Problem:
Your answer must be an exact transcription of the data, with every picture omitted.

Input data:

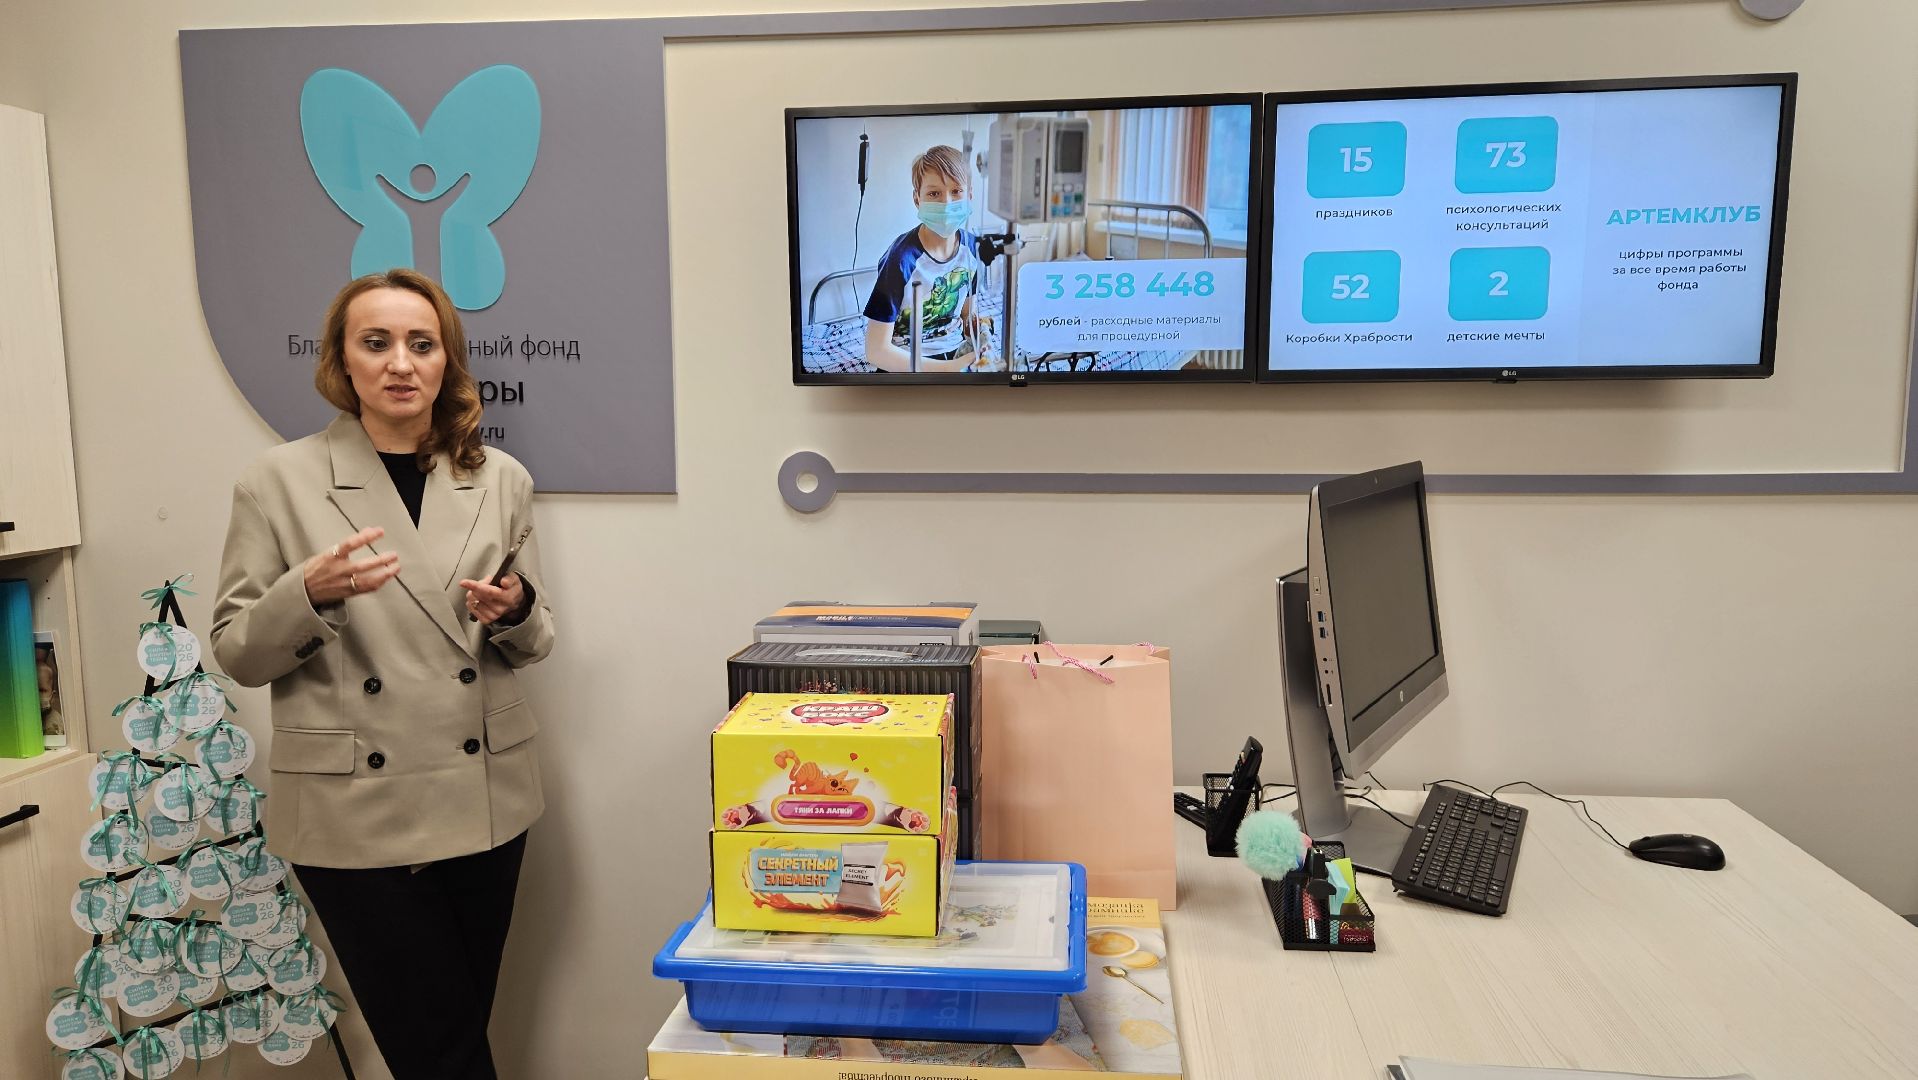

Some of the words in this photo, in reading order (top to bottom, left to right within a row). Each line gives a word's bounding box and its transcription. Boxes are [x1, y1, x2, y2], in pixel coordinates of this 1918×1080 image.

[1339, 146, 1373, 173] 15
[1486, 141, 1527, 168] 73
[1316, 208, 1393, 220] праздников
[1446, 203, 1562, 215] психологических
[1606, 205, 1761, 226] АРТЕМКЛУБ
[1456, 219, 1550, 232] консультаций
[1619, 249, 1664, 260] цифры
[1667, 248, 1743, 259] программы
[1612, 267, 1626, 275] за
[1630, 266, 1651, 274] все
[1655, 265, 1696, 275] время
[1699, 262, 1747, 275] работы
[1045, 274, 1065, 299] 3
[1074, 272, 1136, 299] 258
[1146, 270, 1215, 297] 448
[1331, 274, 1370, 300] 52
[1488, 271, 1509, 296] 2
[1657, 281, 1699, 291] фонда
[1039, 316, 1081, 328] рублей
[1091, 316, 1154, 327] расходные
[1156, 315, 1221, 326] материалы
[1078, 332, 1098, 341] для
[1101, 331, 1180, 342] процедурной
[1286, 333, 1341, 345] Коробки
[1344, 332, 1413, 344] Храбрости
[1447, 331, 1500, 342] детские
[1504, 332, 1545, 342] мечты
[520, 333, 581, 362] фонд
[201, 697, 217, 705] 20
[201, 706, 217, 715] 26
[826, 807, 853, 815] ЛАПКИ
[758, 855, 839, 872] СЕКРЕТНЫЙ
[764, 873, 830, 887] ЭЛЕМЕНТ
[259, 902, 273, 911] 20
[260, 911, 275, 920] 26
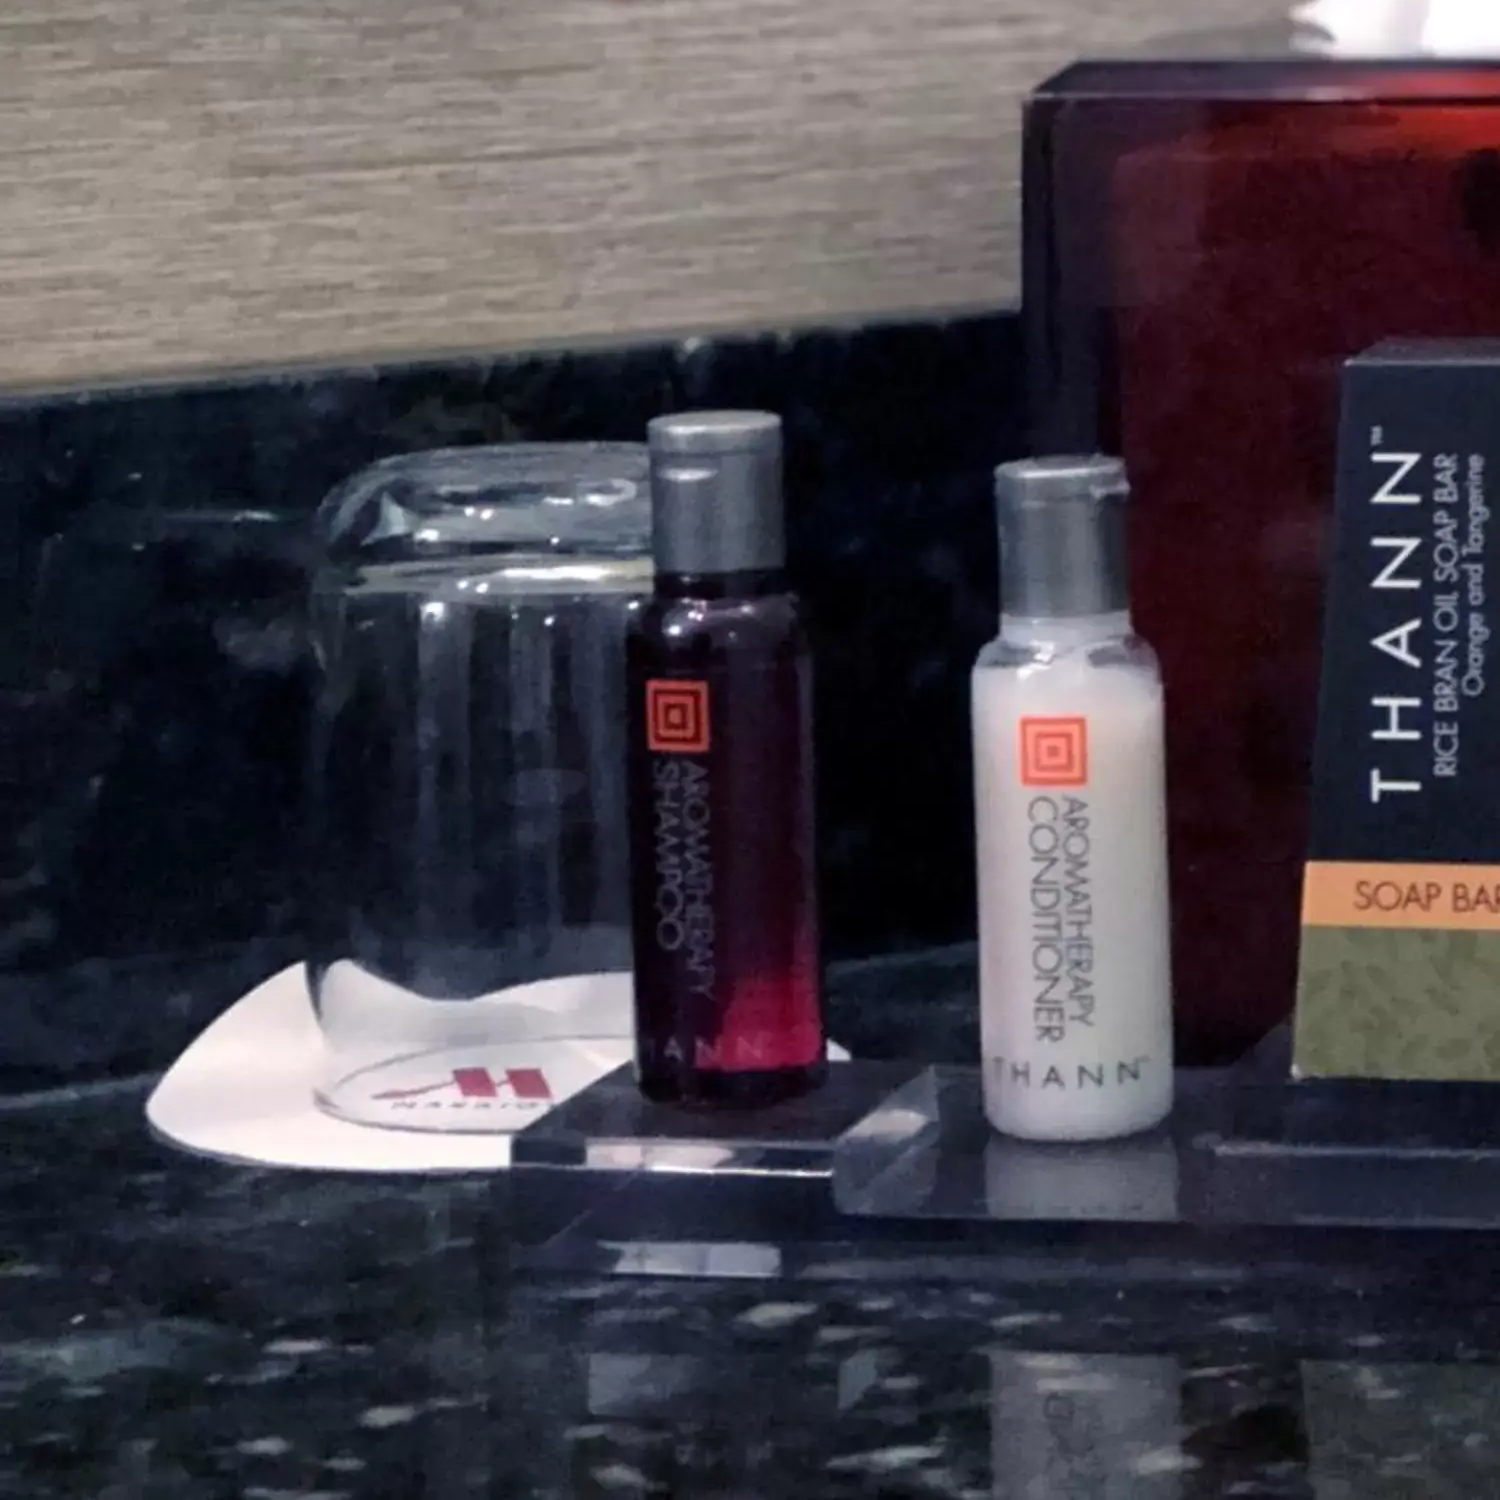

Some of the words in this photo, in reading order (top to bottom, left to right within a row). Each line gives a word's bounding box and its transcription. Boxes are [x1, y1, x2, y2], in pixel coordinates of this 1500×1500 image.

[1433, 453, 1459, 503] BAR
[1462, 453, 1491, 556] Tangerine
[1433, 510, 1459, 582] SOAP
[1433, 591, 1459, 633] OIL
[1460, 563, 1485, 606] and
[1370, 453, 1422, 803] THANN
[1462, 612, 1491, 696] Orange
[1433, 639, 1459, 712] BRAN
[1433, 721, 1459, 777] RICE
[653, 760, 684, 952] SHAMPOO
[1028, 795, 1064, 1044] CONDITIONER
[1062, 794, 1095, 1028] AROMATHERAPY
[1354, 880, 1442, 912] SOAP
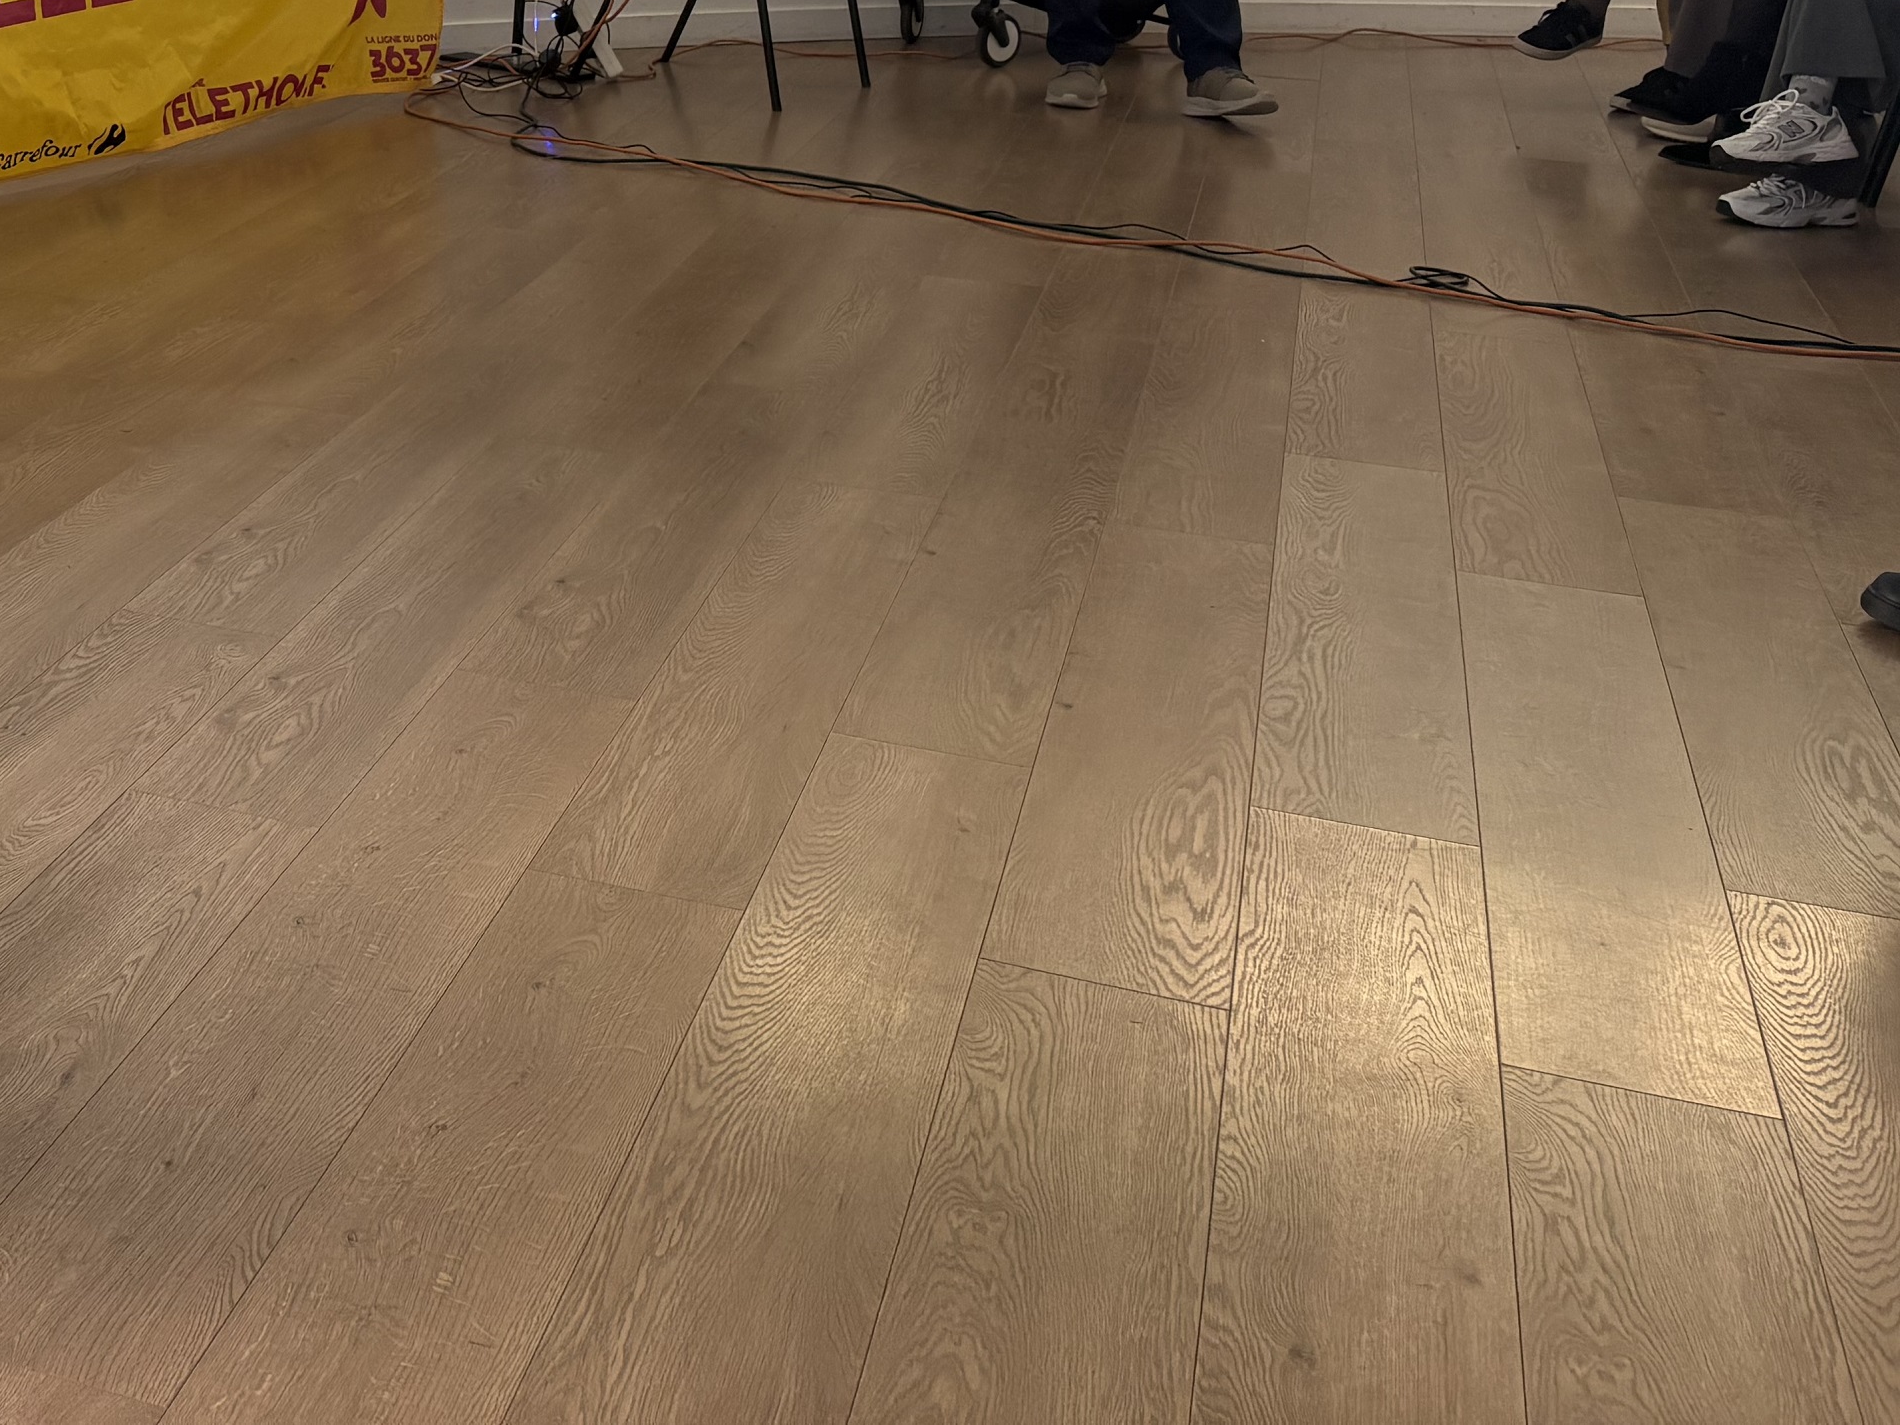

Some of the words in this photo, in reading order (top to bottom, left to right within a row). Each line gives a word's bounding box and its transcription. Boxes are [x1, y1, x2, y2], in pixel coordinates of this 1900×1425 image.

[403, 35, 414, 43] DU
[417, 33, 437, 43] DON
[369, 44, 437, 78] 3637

Result of this task:
Some of the words in this photo, in reading order (top to bottom, left to right within a row). Each line gives a word's bounding box and its transcription. Boxes are [x1, y1, x2, y2], in pixel coordinates of this 1918×1080 image.

[1339, 146, 1373, 173] 15
[1486, 141, 1527, 168] 73
[1316, 208, 1393, 220] праздников
[1446, 203, 1562, 215] психологических
[1606, 205, 1761, 226] АРТЕМКЛУБ
[1456, 219, 1550, 232] консультаций
[1619, 249, 1664, 260] цифры
[1667, 248, 1743, 259] программы
[1612, 267, 1626, 275] за
[1630, 266, 1651, 274] все
[1655, 265, 1696, 275] время
[1699, 262, 1747, 275] работы
[1045, 274, 1065, 299] 3
[1074, 272, 1136, 299] 258
[1146, 270, 1215, 297] 448
[1331, 274, 1370, 300] 52
[1488, 271, 1509, 296] 2
[1657, 281, 1699, 291] фонда
[1039, 316, 1081, 328] рублей
[1091, 316, 1154, 327] расходные
[1156, 315, 1221, 326] материалы
[1078, 332, 1098, 341] для
[1101, 331, 1180, 342] процедурной
[1286, 333, 1341, 345] Коробки
[1344, 332, 1413, 344] Храбрости
[1447, 331, 1500, 342] детские
[1504, 332, 1545, 342] мечты
[520, 333, 581, 362] фонд
[201, 697, 217, 705] 20
[201, 706, 217, 715] 26
[826, 807, 853, 815] ЛАПКИ
[758, 855, 839, 872] СЕКРЕТНЫЙ
[764, 873, 830, 887] ЭЛЕМЕНТ
[259, 902, 273, 911] 20
[260, 911, 275, 920] 26

Some of the words in this photo, in reading order (top to bottom, left to right within a row). Each line gives a word's bounding box and its transcription. Boxes are [x1, y1, x2, y2], in pixel coordinates of this 1500×1500 image.

[1433, 453, 1459, 503] BAR
[1462, 453, 1491, 556] Tangerine
[1433, 510, 1459, 582] SOAP
[1433, 591, 1459, 633] OIL
[1460, 563, 1485, 606] and
[1370, 453, 1422, 803] THANN
[1462, 612, 1491, 696] Orange
[1433, 639, 1459, 712] BRAN
[1433, 721, 1459, 777] RICE
[653, 760, 684, 952] SHAMPOO
[1028, 795, 1064, 1044] CONDITIONER
[1062, 794, 1095, 1028] AROMATHERAPY
[1354, 880, 1442, 912] SOAP

Some of the words in this photo, in reading order (top to bottom, left to right within a row). Each line gives a word's bounding box and its transcription. Boxes are [x1, y1, x2, y2], in pixel coordinates of this 1900×1425 image.

[403, 35, 414, 43] DU
[417, 33, 437, 43] DON
[369, 44, 437, 78] 3637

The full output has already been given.